In Heart On My Sleeve’s case, the answer was not immediately obvious, because Ghostwriter977’s identity and methods were shrouded in mystery. For a while, pundits even speculated that the song was merely an edgy promotional stunt by Drake’s label. The truth was less dramatic, but also more alarming for the record industry; the song almost certainly originated from a Discord channel called AI Hub, which offers straightforward DIY tools for budding deepfakers to roll their own AI vocalists. At the time of writing, the channel has almost 40,000 members, posting hundreds of new deepfaked recordings every day. 

 

AI Hub’s server rules are explicit, stating “violating anyone’s intellectual property or rights will result in instant ban”, but nobody’s entirely sure what that means in practice.

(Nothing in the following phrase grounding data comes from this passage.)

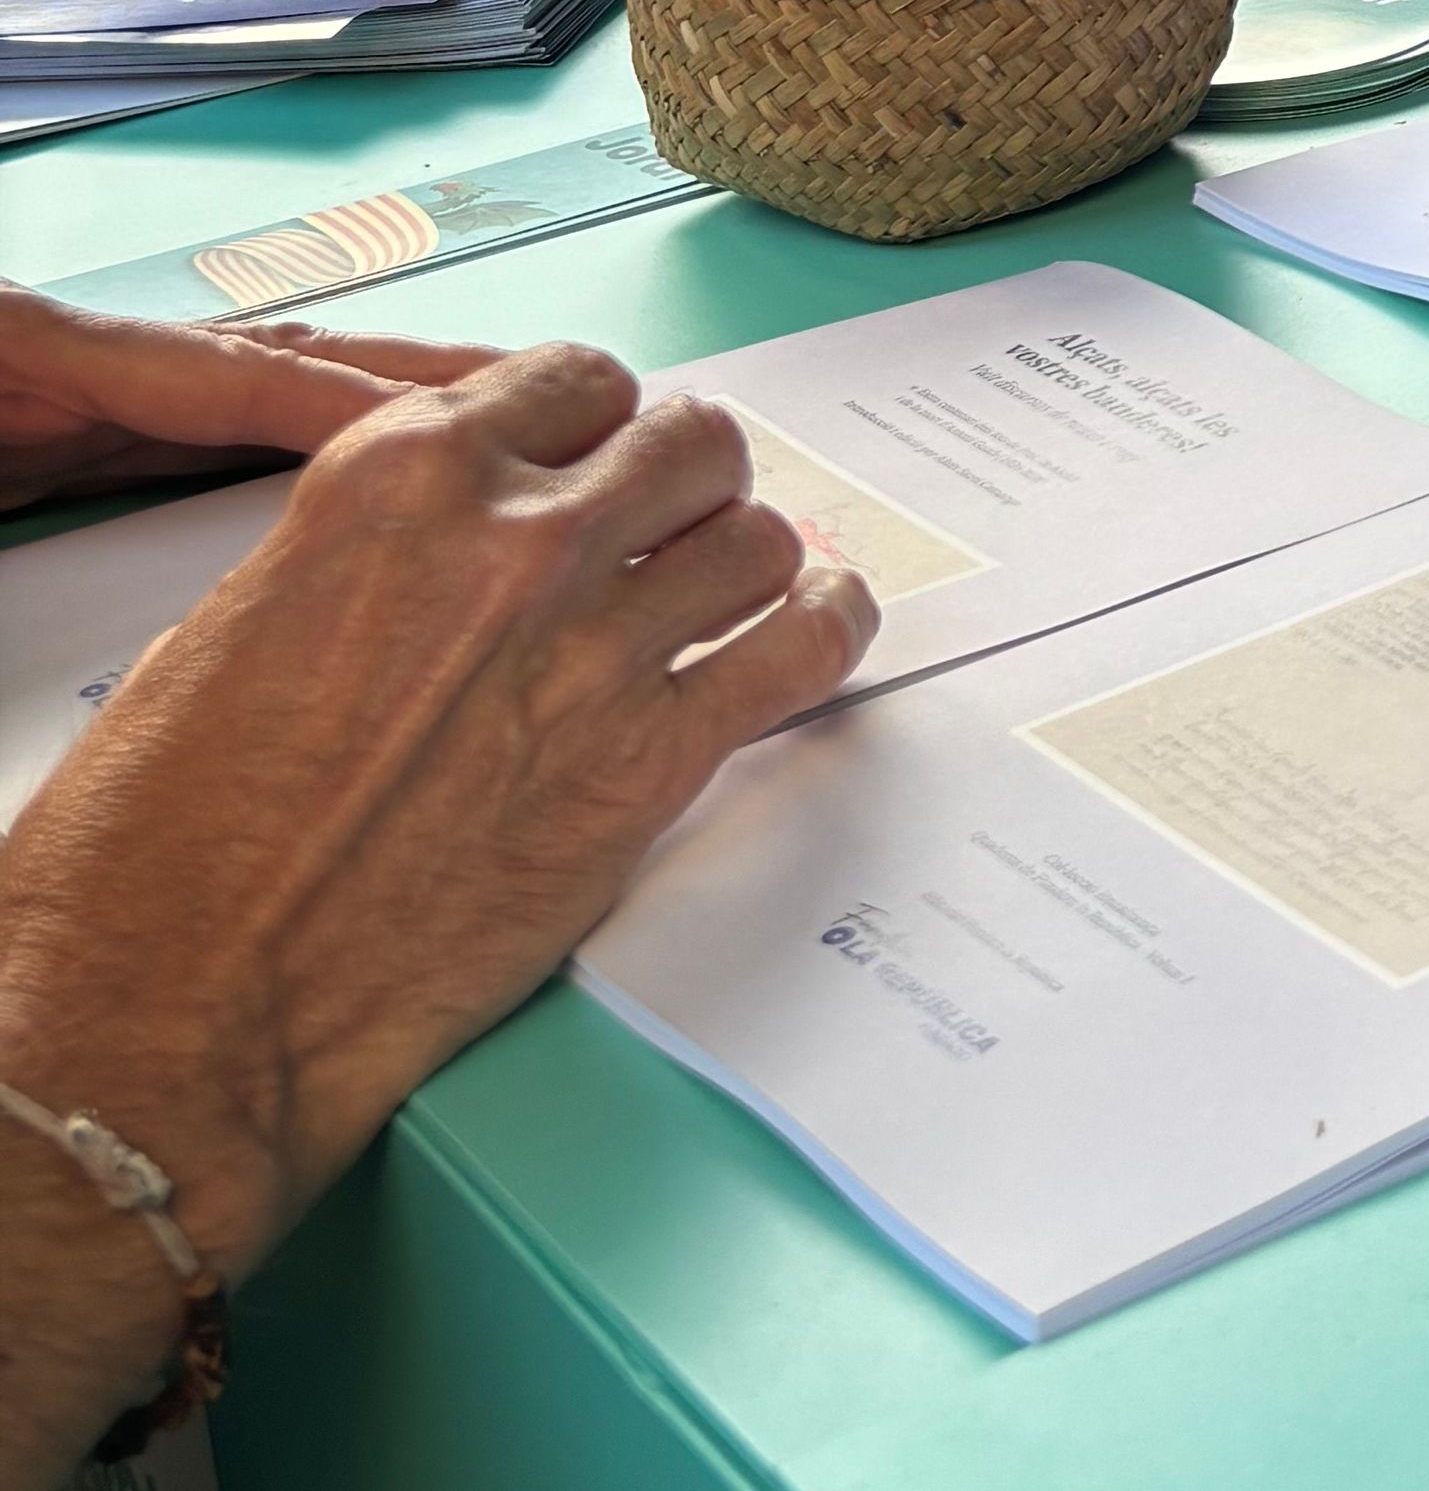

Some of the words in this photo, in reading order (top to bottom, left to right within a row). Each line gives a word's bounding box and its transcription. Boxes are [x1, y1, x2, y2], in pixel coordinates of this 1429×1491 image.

[1005, 343, 1082, 389] vostres
[1080, 384, 1208, 453] banderes!
[1046, 333, 1122, 380] Alçats,
[1125, 375, 1202, 419] alçats
[1192, 412, 1238, 437] les

AI “outputs” from voice training are not direct copies of intellectual property, but the “inputs” that create them unquestionably are. Whether this is legal is a question of “fair use”, an exemption in US law that allows for limited creative use of other people’s intellectual property, and is crucial for legal arguments seeking to justify the training of AIs on copyrighted material. 

warhol

To get a sense of how thorny this issue is, consider Google’s position. As the owners of YouTube, they have negotiated an uneasy legal truce with the entertainment industry over uploads of copyrighted material, and are keen to avoid upsetting this valuable applecart. On the other hand, they have staked the company’s future on generative AI products, whose legality depends heavily on fair use exemptions that justify the copyrighted material in the AI’s training data. Surprisingly, the solution to this seemingly no-win situation may come from old media; the US Supreme Court is currently ruling on whether Andy Warhol’s use of other artists’ work was “fair” or not, and the verdict could determine whether we all experience his promised “15 minutes of fame” as part of an AI’s training data.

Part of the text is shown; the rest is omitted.